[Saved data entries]
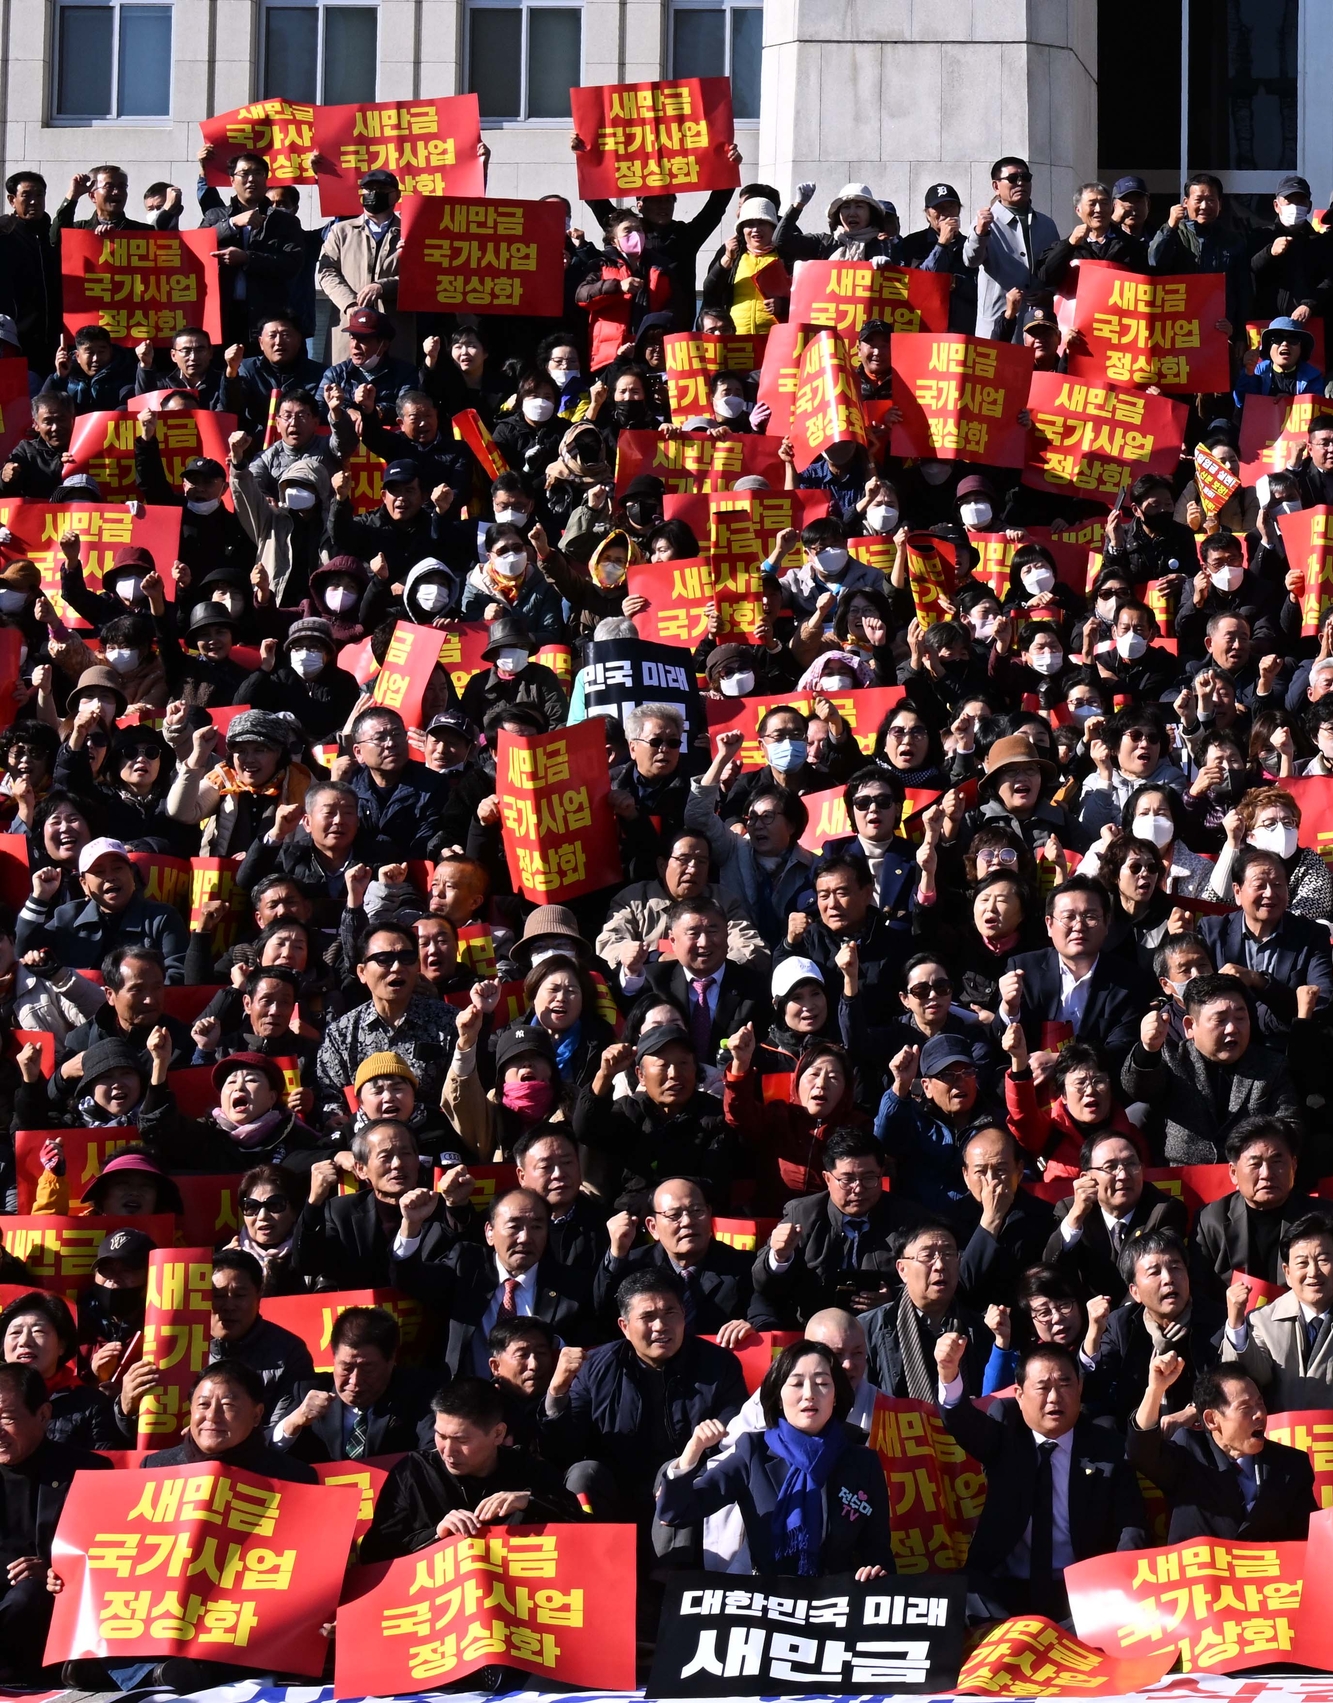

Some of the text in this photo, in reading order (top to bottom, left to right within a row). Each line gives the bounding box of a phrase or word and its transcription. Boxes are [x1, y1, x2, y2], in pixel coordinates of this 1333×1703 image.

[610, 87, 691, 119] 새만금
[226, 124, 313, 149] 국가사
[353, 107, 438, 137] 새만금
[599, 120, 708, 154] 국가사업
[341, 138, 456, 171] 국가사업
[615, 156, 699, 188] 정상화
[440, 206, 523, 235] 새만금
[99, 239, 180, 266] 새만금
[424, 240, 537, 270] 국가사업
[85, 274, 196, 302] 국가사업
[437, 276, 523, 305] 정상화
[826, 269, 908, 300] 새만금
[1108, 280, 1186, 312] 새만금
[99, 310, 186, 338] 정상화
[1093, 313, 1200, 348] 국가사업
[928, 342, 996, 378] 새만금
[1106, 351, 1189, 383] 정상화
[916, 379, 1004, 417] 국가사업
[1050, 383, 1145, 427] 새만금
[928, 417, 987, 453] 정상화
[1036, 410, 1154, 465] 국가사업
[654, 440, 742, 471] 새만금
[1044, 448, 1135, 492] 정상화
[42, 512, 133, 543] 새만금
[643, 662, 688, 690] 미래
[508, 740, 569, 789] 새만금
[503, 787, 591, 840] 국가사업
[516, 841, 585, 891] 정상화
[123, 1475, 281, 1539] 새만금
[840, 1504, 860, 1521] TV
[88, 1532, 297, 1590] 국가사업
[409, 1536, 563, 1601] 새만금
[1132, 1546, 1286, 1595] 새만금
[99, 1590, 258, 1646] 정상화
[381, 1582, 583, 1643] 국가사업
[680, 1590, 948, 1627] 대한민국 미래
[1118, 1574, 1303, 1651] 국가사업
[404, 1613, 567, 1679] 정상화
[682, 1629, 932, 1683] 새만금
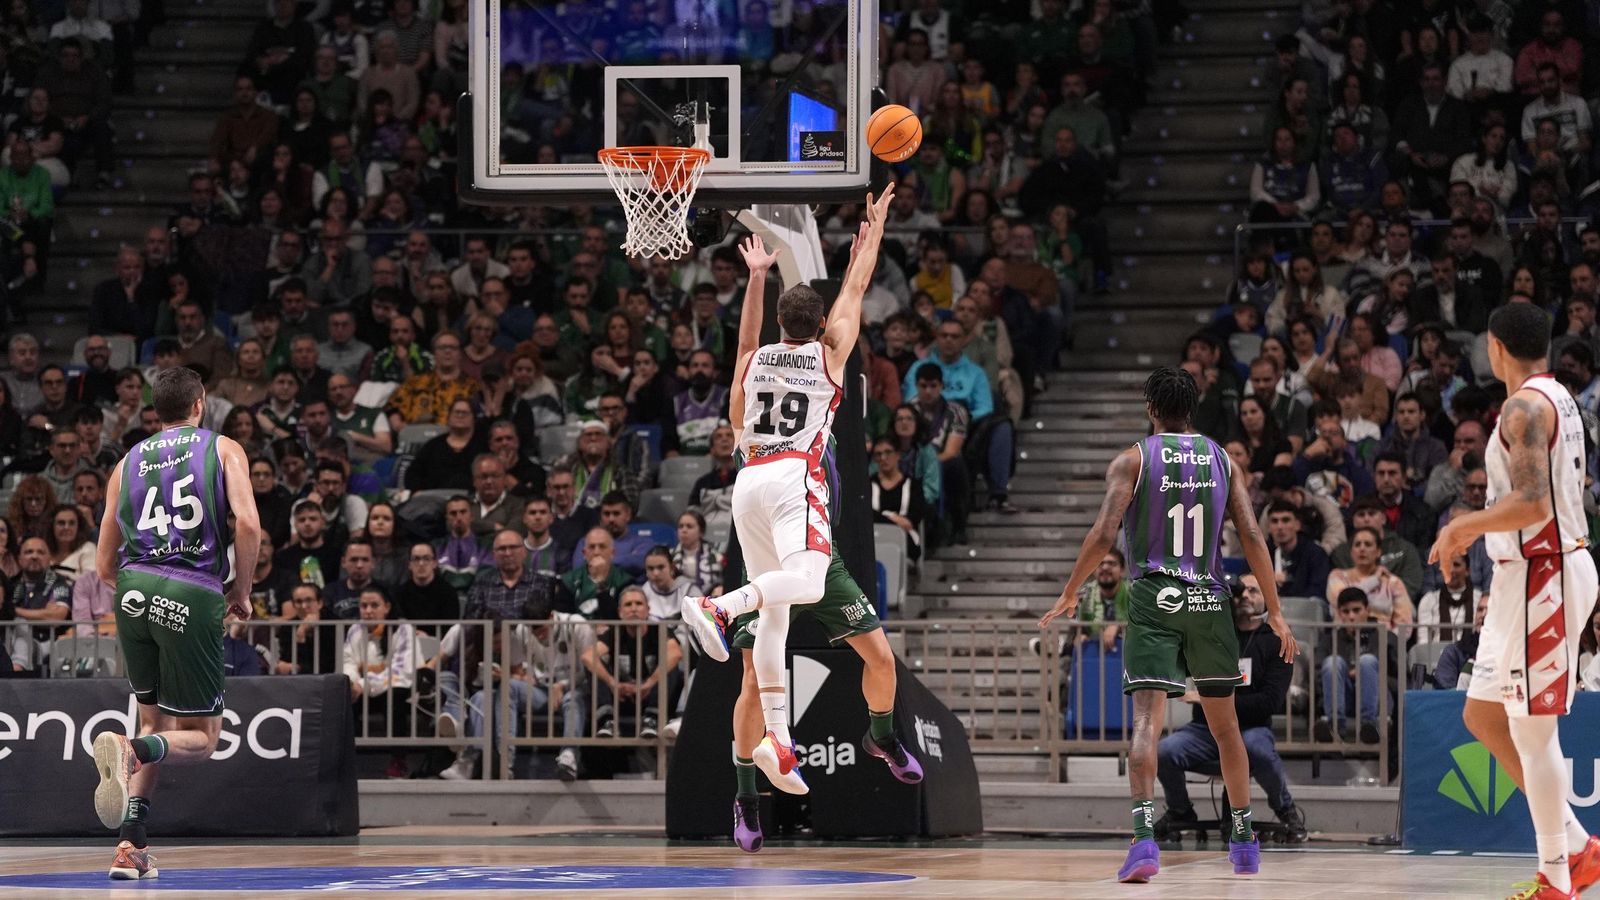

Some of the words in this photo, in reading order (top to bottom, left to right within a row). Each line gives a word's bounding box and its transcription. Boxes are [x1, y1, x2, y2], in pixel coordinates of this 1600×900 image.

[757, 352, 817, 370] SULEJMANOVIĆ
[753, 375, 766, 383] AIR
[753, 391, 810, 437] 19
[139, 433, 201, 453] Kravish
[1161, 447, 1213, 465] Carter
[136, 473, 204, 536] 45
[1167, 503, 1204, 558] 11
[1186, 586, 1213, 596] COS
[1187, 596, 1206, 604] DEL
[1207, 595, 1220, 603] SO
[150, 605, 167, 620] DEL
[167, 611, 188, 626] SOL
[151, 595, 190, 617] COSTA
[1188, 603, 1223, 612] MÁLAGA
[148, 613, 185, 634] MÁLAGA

**What is expected:** A verbatim copy of all the records, minus the pictures, is the expected answer.

**Result of this task:**
Some of the text in this photo, in reading order (top to bottom, left to right within a row). Each line gives the bounding box of a phrase or word and its transcription. Boxes are [x1, y1, x2, y2], in pixel coordinates of this 1333×1703 image.

[610, 87, 691, 119] 새만금
[226, 124, 313, 149] 국가사
[353, 107, 438, 137] 새만금
[599, 120, 708, 154] 국가사업
[341, 138, 456, 171] 국가사업
[615, 156, 699, 188] 정상화
[440, 206, 523, 235] 새만금
[99, 239, 180, 266] 새만금
[424, 240, 537, 270] 국가사업
[85, 274, 196, 302] 국가사업
[437, 276, 523, 305] 정상화
[826, 269, 908, 300] 새만금
[1108, 280, 1186, 312] 새만금
[99, 310, 186, 338] 정상화
[1093, 313, 1200, 348] 국가사업
[928, 342, 996, 378] 새만금
[1106, 351, 1189, 383] 정상화
[916, 379, 1004, 417] 국가사업
[1050, 383, 1145, 427] 새만금
[928, 417, 987, 453] 정상화
[1036, 410, 1154, 465] 국가사업
[654, 440, 742, 471] 새만금
[1044, 448, 1135, 492] 정상화
[42, 512, 133, 543] 새만금
[643, 662, 688, 690] 미래
[508, 740, 569, 789] 새만금
[503, 787, 591, 840] 국가사업
[516, 841, 585, 891] 정상화
[123, 1475, 281, 1539] 새만금
[840, 1504, 860, 1521] TV
[88, 1532, 297, 1590] 국가사업
[409, 1536, 563, 1601] 새만금
[1132, 1546, 1286, 1595] 새만금
[99, 1590, 258, 1646] 정상화
[381, 1582, 583, 1643] 국가사업
[680, 1590, 948, 1627] 대한민국 미래
[1118, 1574, 1303, 1651] 국가사업
[404, 1613, 567, 1679] 정상화
[682, 1629, 932, 1683] 새만금

Some of the words in this photo, in reading order (top to bottom, left to right within a row). Each line gives a word's bounding box and its transcription. Boxes are [x1, y1, x2, y2], in pixel coordinates of this 1600×900 image.

[757, 352, 817, 370] SULEJMANOVIĆ
[753, 375, 766, 383] AIR
[753, 391, 810, 437] 19
[139, 433, 201, 453] Kravish
[1161, 447, 1213, 465] Carter
[136, 473, 204, 536] 45
[1167, 503, 1204, 558] 11
[1186, 586, 1213, 596] COS
[1187, 596, 1206, 604] DEL
[1207, 595, 1220, 603] SO
[150, 605, 167, 620] DEL
[167, 611, 188, 626] SOL
[151, 595, 190, 617] COSTA
[1188, 603, 1223, 612] MÁLAGA
[148, 613, 185, 634] MÁLAGA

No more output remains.